PROBLEM TO WORK ON
Nothing in the data may be omitted; output it all verbatim.

[Text-to-region grounding data]
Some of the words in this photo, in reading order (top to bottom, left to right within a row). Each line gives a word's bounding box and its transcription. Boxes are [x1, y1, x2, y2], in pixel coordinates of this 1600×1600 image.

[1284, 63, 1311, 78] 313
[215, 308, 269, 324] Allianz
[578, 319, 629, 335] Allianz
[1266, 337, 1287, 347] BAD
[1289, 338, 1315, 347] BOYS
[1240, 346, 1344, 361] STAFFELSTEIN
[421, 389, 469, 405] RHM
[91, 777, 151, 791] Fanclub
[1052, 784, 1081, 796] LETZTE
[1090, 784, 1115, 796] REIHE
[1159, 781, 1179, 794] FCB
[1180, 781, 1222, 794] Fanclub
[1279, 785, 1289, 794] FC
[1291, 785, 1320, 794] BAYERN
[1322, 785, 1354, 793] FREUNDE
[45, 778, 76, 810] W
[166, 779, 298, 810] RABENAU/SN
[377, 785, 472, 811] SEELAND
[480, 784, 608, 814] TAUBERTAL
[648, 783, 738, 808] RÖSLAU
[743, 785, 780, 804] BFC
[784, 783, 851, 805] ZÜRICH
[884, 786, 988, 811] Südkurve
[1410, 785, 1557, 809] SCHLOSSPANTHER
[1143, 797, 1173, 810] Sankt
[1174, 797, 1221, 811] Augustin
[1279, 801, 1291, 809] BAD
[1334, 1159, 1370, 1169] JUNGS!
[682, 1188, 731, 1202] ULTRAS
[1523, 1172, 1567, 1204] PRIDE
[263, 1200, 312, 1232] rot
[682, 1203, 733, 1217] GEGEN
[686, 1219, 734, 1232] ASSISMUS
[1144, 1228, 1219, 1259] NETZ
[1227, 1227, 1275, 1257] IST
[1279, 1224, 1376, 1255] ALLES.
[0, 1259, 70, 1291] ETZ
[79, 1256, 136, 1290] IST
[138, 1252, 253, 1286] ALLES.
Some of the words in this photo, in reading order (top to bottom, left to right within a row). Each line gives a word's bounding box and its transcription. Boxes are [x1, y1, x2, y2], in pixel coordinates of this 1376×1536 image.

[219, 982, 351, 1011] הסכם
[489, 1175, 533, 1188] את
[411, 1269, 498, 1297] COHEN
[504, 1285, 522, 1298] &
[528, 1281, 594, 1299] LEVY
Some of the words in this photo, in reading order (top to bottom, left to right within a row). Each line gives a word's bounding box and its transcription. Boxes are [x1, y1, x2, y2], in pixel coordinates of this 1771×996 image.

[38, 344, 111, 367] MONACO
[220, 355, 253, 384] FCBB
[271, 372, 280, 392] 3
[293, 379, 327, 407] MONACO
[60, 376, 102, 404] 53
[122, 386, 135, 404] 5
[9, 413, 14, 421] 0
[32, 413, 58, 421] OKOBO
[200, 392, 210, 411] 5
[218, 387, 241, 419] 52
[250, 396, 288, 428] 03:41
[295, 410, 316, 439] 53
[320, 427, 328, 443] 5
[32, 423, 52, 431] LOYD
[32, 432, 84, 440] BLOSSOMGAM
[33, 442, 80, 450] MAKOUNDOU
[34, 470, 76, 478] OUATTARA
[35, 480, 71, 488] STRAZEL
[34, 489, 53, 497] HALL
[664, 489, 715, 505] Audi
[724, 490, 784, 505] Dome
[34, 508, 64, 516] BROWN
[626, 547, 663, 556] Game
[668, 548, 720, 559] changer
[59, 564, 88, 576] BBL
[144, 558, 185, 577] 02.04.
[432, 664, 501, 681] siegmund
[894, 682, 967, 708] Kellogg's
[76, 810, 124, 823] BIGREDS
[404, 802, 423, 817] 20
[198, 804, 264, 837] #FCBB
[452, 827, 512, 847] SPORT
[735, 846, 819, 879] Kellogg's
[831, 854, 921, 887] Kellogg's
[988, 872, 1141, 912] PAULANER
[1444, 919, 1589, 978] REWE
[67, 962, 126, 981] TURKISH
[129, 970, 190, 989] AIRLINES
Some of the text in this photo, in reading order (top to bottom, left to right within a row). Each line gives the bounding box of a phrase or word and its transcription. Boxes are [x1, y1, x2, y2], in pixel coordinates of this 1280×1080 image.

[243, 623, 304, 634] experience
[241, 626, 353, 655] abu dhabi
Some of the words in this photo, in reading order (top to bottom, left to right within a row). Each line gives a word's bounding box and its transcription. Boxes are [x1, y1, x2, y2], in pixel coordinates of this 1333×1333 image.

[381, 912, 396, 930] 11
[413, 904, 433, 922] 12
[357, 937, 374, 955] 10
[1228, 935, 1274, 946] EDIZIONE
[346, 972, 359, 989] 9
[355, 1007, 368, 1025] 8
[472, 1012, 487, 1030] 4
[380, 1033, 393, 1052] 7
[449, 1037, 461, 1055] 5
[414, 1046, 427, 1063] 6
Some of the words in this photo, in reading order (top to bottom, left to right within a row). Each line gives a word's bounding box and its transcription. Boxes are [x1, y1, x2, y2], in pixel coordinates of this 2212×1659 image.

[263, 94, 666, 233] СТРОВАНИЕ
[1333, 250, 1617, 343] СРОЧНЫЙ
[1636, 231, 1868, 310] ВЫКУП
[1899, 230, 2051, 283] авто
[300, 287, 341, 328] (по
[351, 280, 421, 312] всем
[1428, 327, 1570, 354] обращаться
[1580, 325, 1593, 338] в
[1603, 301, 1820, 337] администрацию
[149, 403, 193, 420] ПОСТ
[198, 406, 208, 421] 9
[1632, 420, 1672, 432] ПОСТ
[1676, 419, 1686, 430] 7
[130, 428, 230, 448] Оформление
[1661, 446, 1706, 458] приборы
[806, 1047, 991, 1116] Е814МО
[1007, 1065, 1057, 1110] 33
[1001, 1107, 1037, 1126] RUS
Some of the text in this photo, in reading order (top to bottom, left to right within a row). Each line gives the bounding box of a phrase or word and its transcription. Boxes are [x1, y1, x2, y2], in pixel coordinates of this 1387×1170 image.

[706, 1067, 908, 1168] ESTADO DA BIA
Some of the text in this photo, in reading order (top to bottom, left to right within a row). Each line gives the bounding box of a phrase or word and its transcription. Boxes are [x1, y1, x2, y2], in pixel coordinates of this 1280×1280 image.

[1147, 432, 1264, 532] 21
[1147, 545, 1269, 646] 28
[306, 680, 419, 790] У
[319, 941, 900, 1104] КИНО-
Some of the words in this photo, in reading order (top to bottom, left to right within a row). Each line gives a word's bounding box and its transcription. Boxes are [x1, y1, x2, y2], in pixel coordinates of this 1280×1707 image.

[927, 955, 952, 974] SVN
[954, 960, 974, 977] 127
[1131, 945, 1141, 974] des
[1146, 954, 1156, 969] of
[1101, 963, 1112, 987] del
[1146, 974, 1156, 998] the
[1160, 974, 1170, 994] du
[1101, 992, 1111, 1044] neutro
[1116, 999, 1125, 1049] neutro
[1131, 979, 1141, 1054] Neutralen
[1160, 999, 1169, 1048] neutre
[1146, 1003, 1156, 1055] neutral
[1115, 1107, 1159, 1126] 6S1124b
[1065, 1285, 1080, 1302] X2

SOLUTION TO THIS TASK
Some of the words in this photo, in reading order (top to bottom, left to right within a row). Each line gives a word's bounding box and its transcription. Boxes are [x1, y1, x2, y2], in pixel coordinates of this 1600×1600 image.

[1284, 63, 1311, 78] 313
[215, 308, 269, 324] Allianz
[578, 319, 629, 335] Allianz
[1266, 337, 1287, 347] BAD
[1289, 338, 1315, 347] BOYS
[1240, 346, 1344, 361] STAFFELSTEIN
[421, 389, 469, 405] RHM
[91, 777, 151, 791] Fanclub
[1052, 784, 1081, 796] LETZTE
[1090, 784, 1115, 796] REIHE
[1159, 781, 1179, 794] FCB
[1180, 781, 1222, 794] Fanclub
[1279, 785, 1289, 794] FC
[1291, 785, 1320, 794] BAYERN
[1322, 785, 1354, 793] FREUNDE
[45, 778, 76, 810] W
[166, 779, 298, 810] RABENAU/SN
[377, 785, 472, 811] SEELAND
[480, 784, 608, 814] TAUBERTAL
[648, 783, 738, 808] RÖSLAU
[743, 785, 780, 804] BFC
[784, 783, 851, 805] ZÜRICH
[884, 786, 988, 811] Südkurve
[1410, 785, 1557, 809] SCHLOSSPANTHER
[1143, 797, 1173, 810] Sankt
[1174, 797, 1221, 811] Augustin
[1279, 801, 1291, 809] BAD
[1334, 1159, 1370, 1169] JUNGS!
[682, 1188, 731, 1202] ULTRAS
[1523, 1172, 1567, 1204] PRIDE
[263, 1200, 312, 1232] rot
[682, 1203, 733, 1217] GEGEN
[686, 1219, 734, 1232] ASSISMUS
[1144, 1228, 1219, 1259] NETZ
[1227, 1227, 1275, 1257] IST
[1279, 1224, 1376, 1255] ALLES.
[0, 1259, 70, 1291] ETZ
[79, 1256, 136, 1290] IST
[138, 1252, 253, 1286] ALLES.
Some of the words in this photo, in reading order (top to bottom, left to right within a row). Each line gives a word's bounding box and its transcription. Boxes are [x1, y1, x2, y2], in pixel coordinates of this 1376×1536 image.

[219, 982, 351, 1011] הסכם
[489, 1175, 533, 1188] את
[411, 1269, 498, 1297] COHEN
[504, 1285, 522, 1298] &
[528, 1281, 594, 1299] LEVY
Some of the words in this photo, in reading order (top to bottom, left to right within a row). Each line gives a word's bounding box and its transcription. Boxes are [x1, y1, x2, y2], in pixel coordinates of this 1771×996 image.

[38, 344, 111, 367] MONACO
[220, 355, 253, 384] FCBB
[271, 372, 280, 392] 3
[293, 379, 327, 407] MONACO
[60, 376, 102, 404] 53
[122, 386, 135, 404] 5
[9, 413, 14, 421] 0
[32, 413, 58, 421] OKOBO
[200, 392, 210, 411] 5
[218, 387, 241, 419] 52
[250, 396, 288, 428] 03:41
[295, 410, 316, 439] 53
[320, 427, 328, 443] 5
[32, 423, 52, 431] LOYD
[32, 432, 84, 440] BLOSSOMGAM
[33, 442, 80, 450] MAKOUNDOU
[34, 470, 76, 478] OUATTARA
[35, 480, 71, 488] STRAZEL
[34, 489, 53, 497] HALL
[664, 489, 715, 505] Audi
[724, 490, 784, 505] Dome
[34, 508, 64, 516] BROWN
[626, 547, 663, 556] Game
[668, 548, 720, 559] changer
[59, 564, 88, 576] BBL
[144, 558, 185, 577] 02.04.
[432, 664, 501, 681] siegmund
[894, 682, 967, 708] Kellogg's
[76, 810, 124, 823] BIGREDS
[404, 802, 423, 817] 20
[198, 804, 264, 837] #FCBB
[452, 827, 512, 847] SPORT
[735, 846, 819, 879] Kellogg's
[831, 854, 921, 887] Kellogg's
[988, 872, 1141, 912] PAULANER
[1444, 919, 1589, 978] REWE
[67, 962, 126, 981] TURKISH
[129, 970, 190, 989] AIRLINES
Some of the text in this photo, in reading order (top to bottom, left to right within a row). Each line gives the bounding box of a phrase or word and its transcription. Boxes are [x1, y1, x2, y2], in pixel coordinates of this 1280×1080 image.

[243, 623, 304, 634] experience
[241, 626, 353, 655] abu dhabi
Some of the words in this photo, in reading order (top to bottom, left to right within a row). Each line gives a word's bounding box and its transcription. Boxes are [x1, y1, x2, y2], in pixel coordinates of this 1333×1333 image.

[381, 912, 396, 930] 11
[413, 904, 433, 922] 12
[357, 937, 374, 955] 10
[1228, 935, 1274, 946] EDIZIONE
[346, 972, 359, 989] 9
[355, 1007, 368, 1025] 8
[472, 1012, 487, 1030] 4
[380, 1033, 393, 1052] 7
[449, 1037, 461, 1055] 5
[414, 1046, 427, 1063] 6
Some of the words in this photo, in reading order (top to bottom, left to right within a row). Each line gives a word's bounding box and its transcription. Boxes are [x1, y1, x2, y2], in pixel coordinates of this 2212×1659 image.

[263, 94, 666, 233] СТРОВАНИЕ
[1333, 250, 1617, 343] СРОЧНЫЙ
[1636, 231, 1868, 310] ВЫКУП
[1899, 230, 2051, 283] авто
[300, 287, 341, 328] (по
[351, 280, 421, 312] всем
[1428, 327, 1570, 354] обращаться
[1580, 325, 1593, 338] в
[1603, 301, 1820, 337] администрацию
[149, 403, 193, 420] ПОСТ
[198, 406, 208, 421] 9
[1632, 420, 1672, 432] ПОСТ
[1676, 419, 1686, 430] 7
[130, 428, 230, 448] Оформление
[1661, 446, 1706, 458] приборы
[806, 1047, 991, 1116] Е814МО
[1007, 1065, 1057, 1110] 33
[1001, 1107, 1037, 1126] RUS
Some of the text in this photo, in reading order (top to bottom, left to right within a row). Each line gives the bounding box of a phrase or word and its transcription. Boxes are [x1, y1, x2, y2], in pixel coordinates of this 1387×1170 image.

[706, 1067, 908, 1168] ESTADO DA BIA
Some of the text in this photo, in reading order (top to bottom, left to right within a row). Each line gives the bounding box of a phrase or word and its transcription. Boxes are [x1, y1, x2, y2], in pixel coordinates of this 1280×1280 image.

[1147, 432, 1264, 532] 21
[1147, 545, 1269, 646] 28
[306, 680, 419, 790] У
[319, 941, 900, 1104] КИНО-
Some of the words in this photo, in reading order (top to bottom, left to right within a row). Each line gives a word's bounding box and its transcription. Boxes are [x1, y1, x2, y2], in pixel coordinates of this 1280×1707 image.

[927, 955, 952, 974] SVN
[954, 960, 974, 977] 127
[1131, 945, 1141, 974] des
[1146, 954, 1156, 969] of
[1101, 963, 1112, 987] del
[1146, 974, 1156, 998] the
[1160, 974, 1170, 994] du
[1101, 992, 1111, 1044] neutro
[1116, 999, 1125, 1049] neutro
[1131, 979, 1141, 1054] Neutralen
[1160, 999, 1169, 1048] neutre
[1146, 1003, 1156, 1055] neutral
[1115, 1107, 1159, 1126] 6S1124b
[1065, 1285, 1080, 1302] X2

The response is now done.